[Start of section]

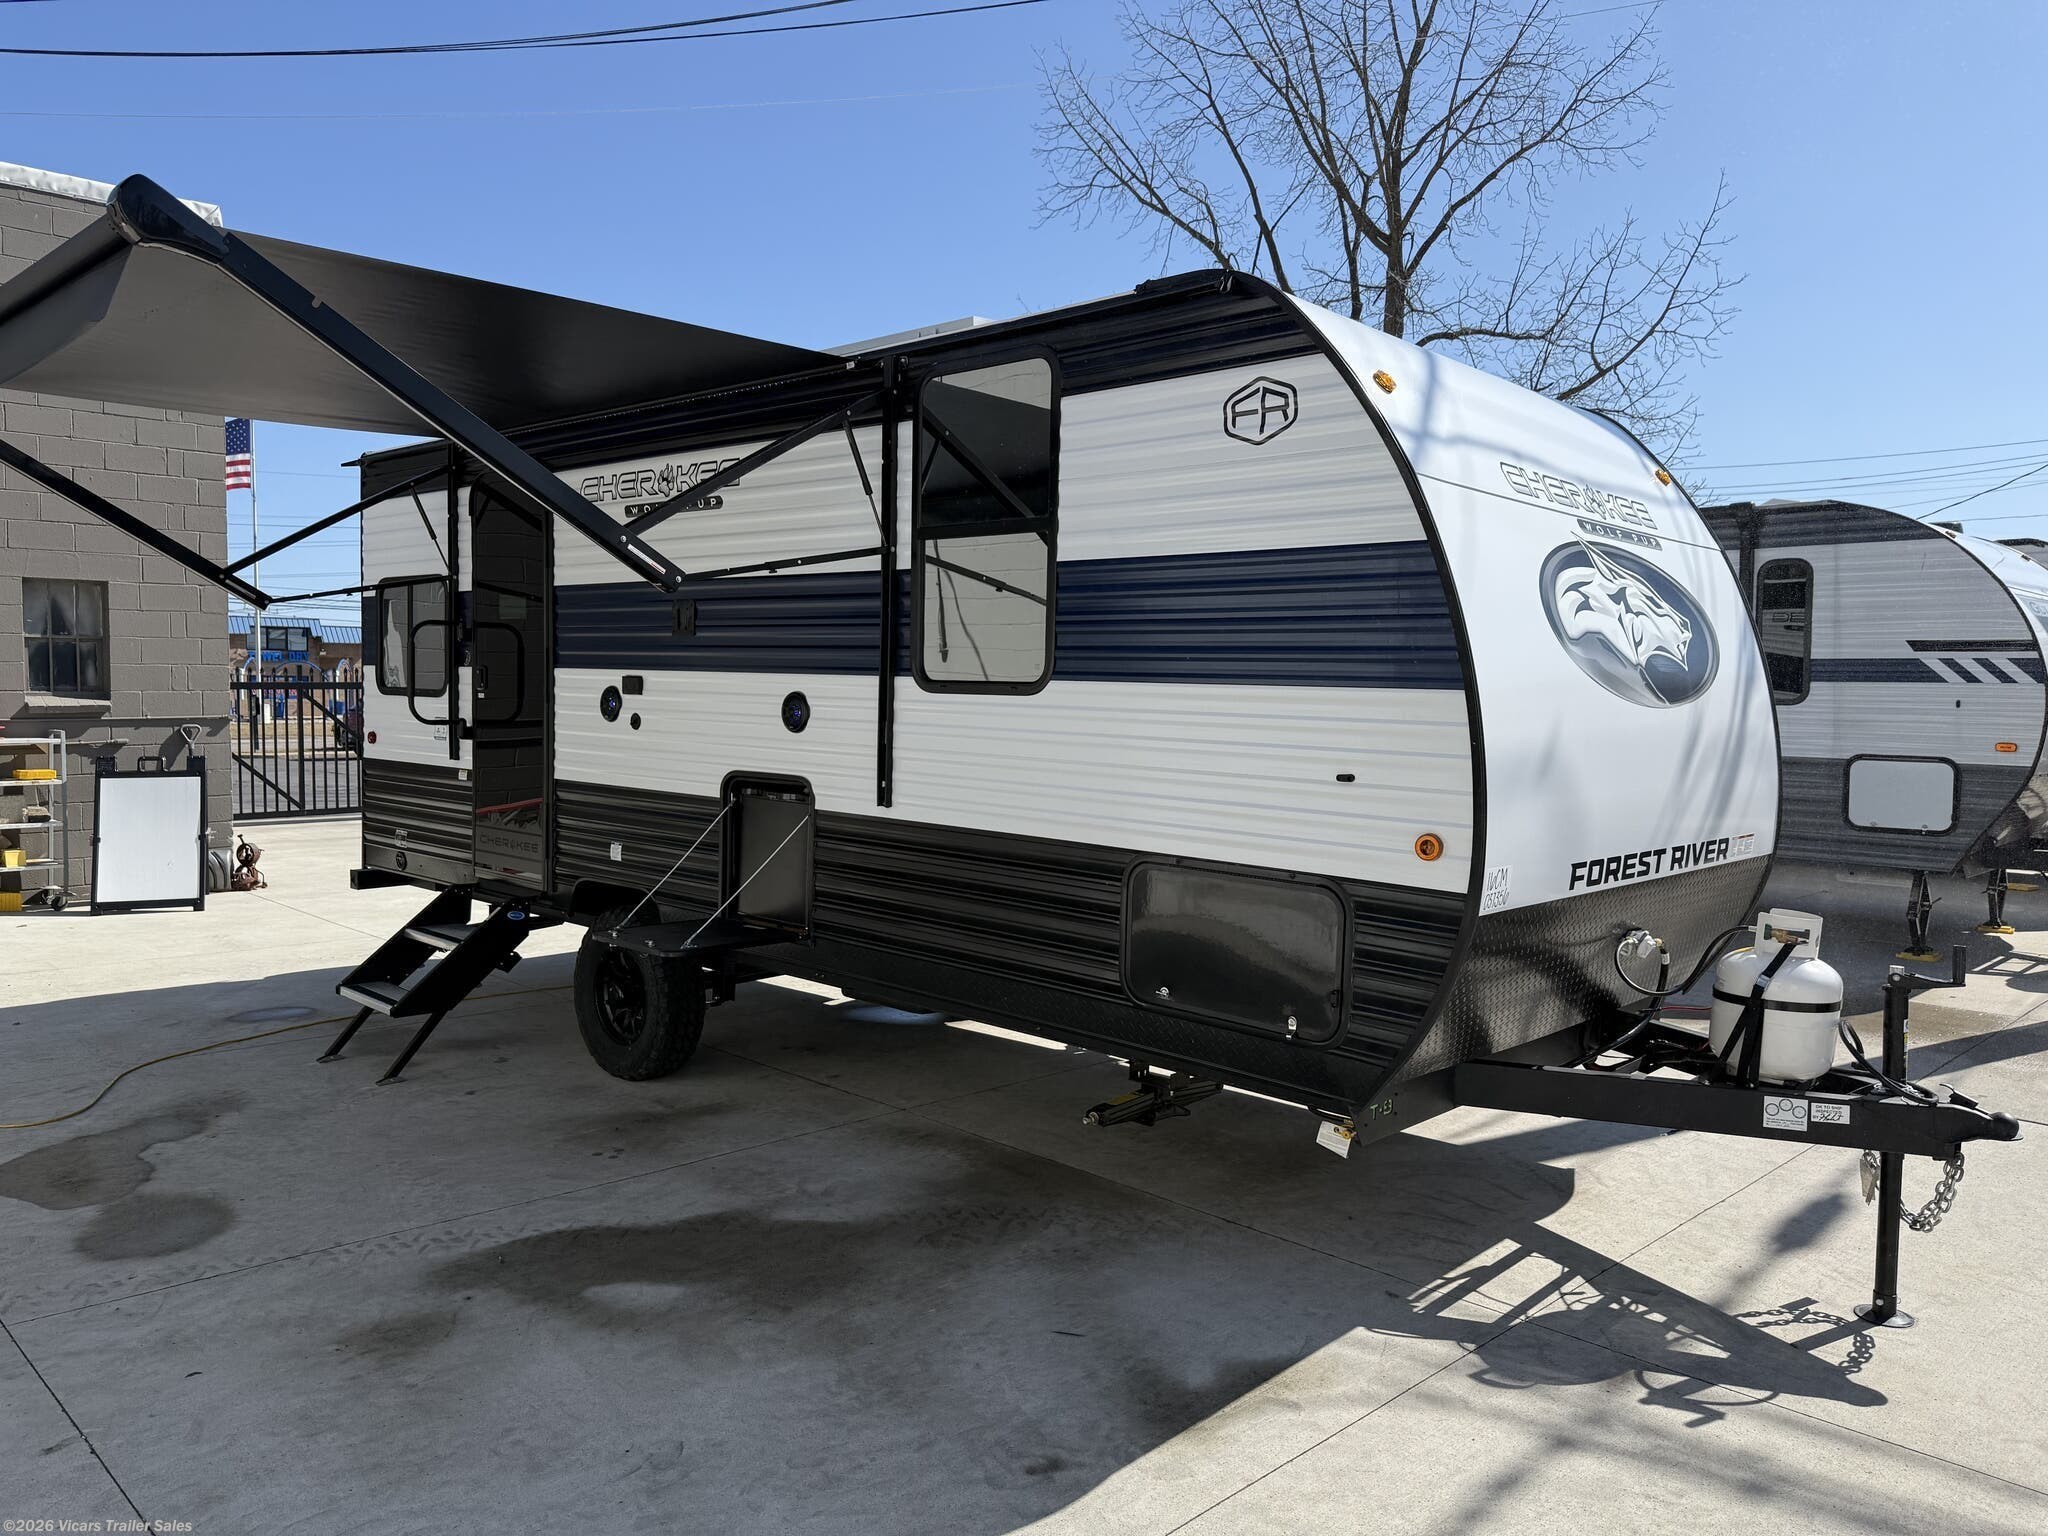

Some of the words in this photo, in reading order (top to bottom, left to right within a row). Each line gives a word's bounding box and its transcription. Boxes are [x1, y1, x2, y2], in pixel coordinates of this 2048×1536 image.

[1499, 461, 1658, 530] CHEROKEE
[1583, 521, 1623, 540] WOLF
[1631, 533, 1657, 547] PUP
[1569, 847, 1667, 891] FOREST
[1670, 837, 1730, 872] RIVER

[End of section]

A faithful copy of all the data above, without its pictures, is the expected result.

Some of the words in this photo, in reading order (top to bottom, left to right within a row). Each line gives a word's bounding box and its transcription. Boxes are [x1, y1, x2, y2], in pixel coordinates of this 2048×1536 image.

[1499, 461, 1658, 530] CHEROKEE
[1583, 521, 1623, 540] WOLF
[1631, 533, 1657, 547] PUP
[1569, 847, 1667, 891] FOREST
[1670, 837, 1730, 872] RIVER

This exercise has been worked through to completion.